> [ASSIGNMENT] Each and every line below goes into your answer unchanged, but leave out the images.

> [MATERIALS PROVIDED]
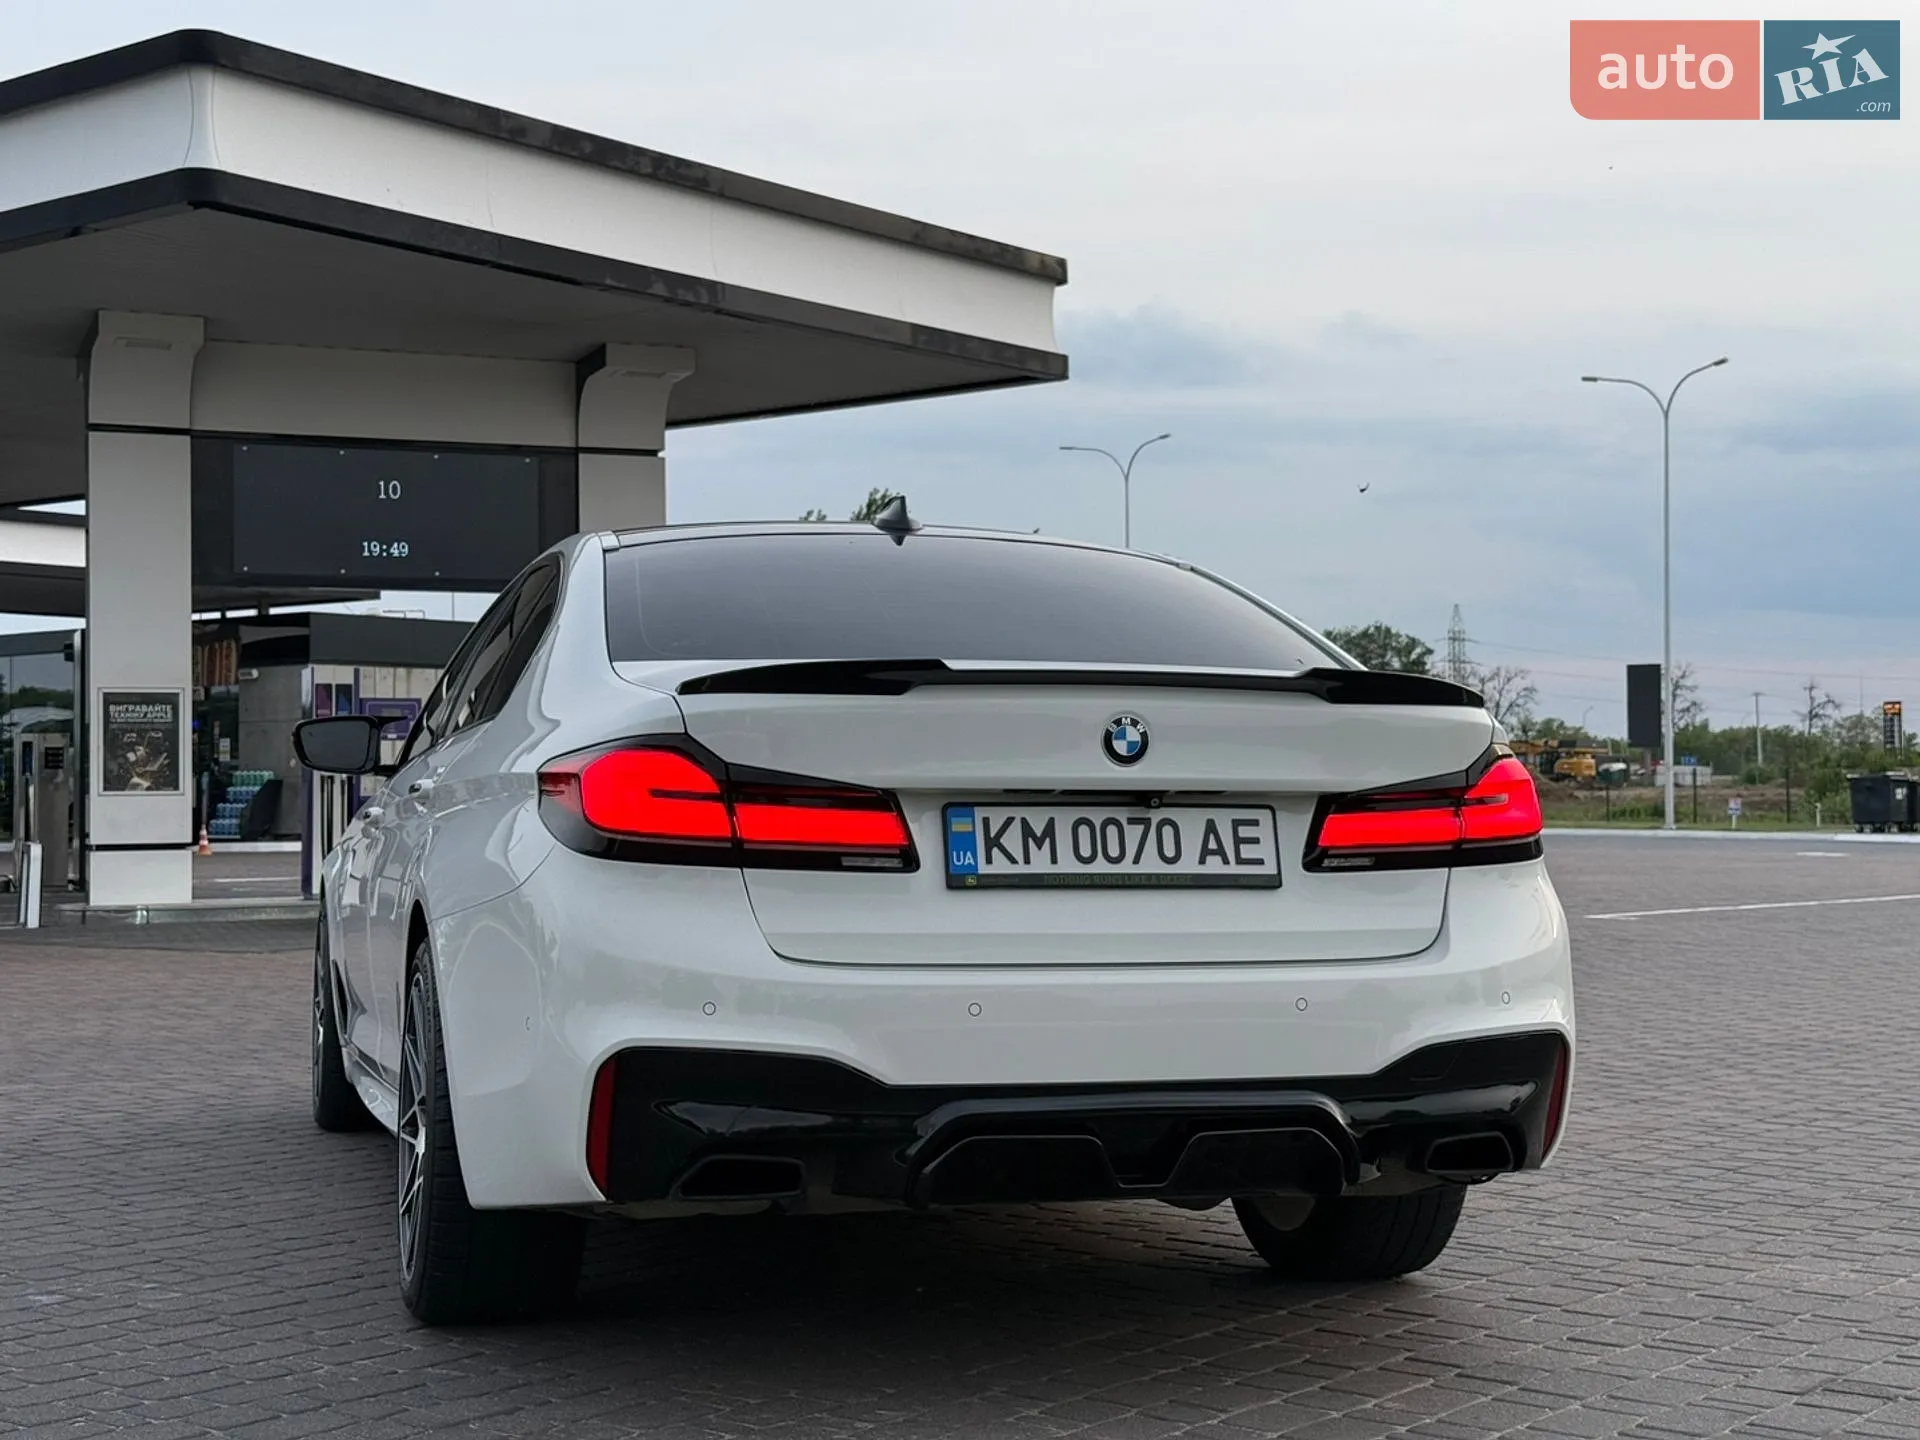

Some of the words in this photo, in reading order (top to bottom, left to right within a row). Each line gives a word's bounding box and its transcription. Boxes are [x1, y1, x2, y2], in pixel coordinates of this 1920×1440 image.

[378, 480, 401, 500] 10
[362, 541, 409, 557] 19:49
[109, 703, 173, 712] ВИГРАВАЙТЕ
[1109, 716, 1146, 733] BMW
[982, 816, 1059, 865] KM
[1071, 817, 1183, 865] 0070
[1198, 818, 1265, 865] AE
[953, 852, 975, 866] UA

> [ANSWER TO THE PROBLEM]
Some of the words in this photo, in reading order (top to bottom, left to right within a row). Each line gives a word's bounding box and its transcription. Boxes are [x1, y1, x2, y2], in pixel coordinates of this 1920×1440 image.

[378, 480, 401, 500] 10
[362, 541, 409, 557] 19:49
[109, 703, 173, 712] ВИГРАВАЙТЕ
[1109, 716, 1146, 733] BMW
[982, 816, 1059, 865] KM
[1071, 817, 1183, 865] 0070
[1198, 818, 1265, 865] AE
[953, 852, 975, 866] UA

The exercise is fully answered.